■ **What is required**
Set down every entry below exactly as it stands.

■ **Data for the task**

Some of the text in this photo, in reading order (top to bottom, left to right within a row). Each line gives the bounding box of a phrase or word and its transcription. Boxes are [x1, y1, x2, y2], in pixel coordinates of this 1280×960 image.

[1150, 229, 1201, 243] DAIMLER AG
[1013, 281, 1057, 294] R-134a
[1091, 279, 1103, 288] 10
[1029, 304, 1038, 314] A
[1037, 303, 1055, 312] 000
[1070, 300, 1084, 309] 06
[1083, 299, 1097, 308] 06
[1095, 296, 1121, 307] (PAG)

■ **Expected answer**
Some of the text in this photo, in reading order (top to bottom, left to right within a row). Each line gives the bounding box of a phrase or word and its transcription. Boxes are [x1, y1, x2, y2], in pixel coordinates of this 1280×960 image.

[1150, 229, 1201, 243] DAIMLER AG
[1013, 281, 1057, 294] R-134a
[1091, 279, 1103, 288] 10
[1029, 304, 1038, 314] A
[1037, 303, 1055, 312] 000
[1070, 300, 1084, 309] 06
[1083, 299, 1097, 308] 06
[1095, 296, 1121, 307] (PAG)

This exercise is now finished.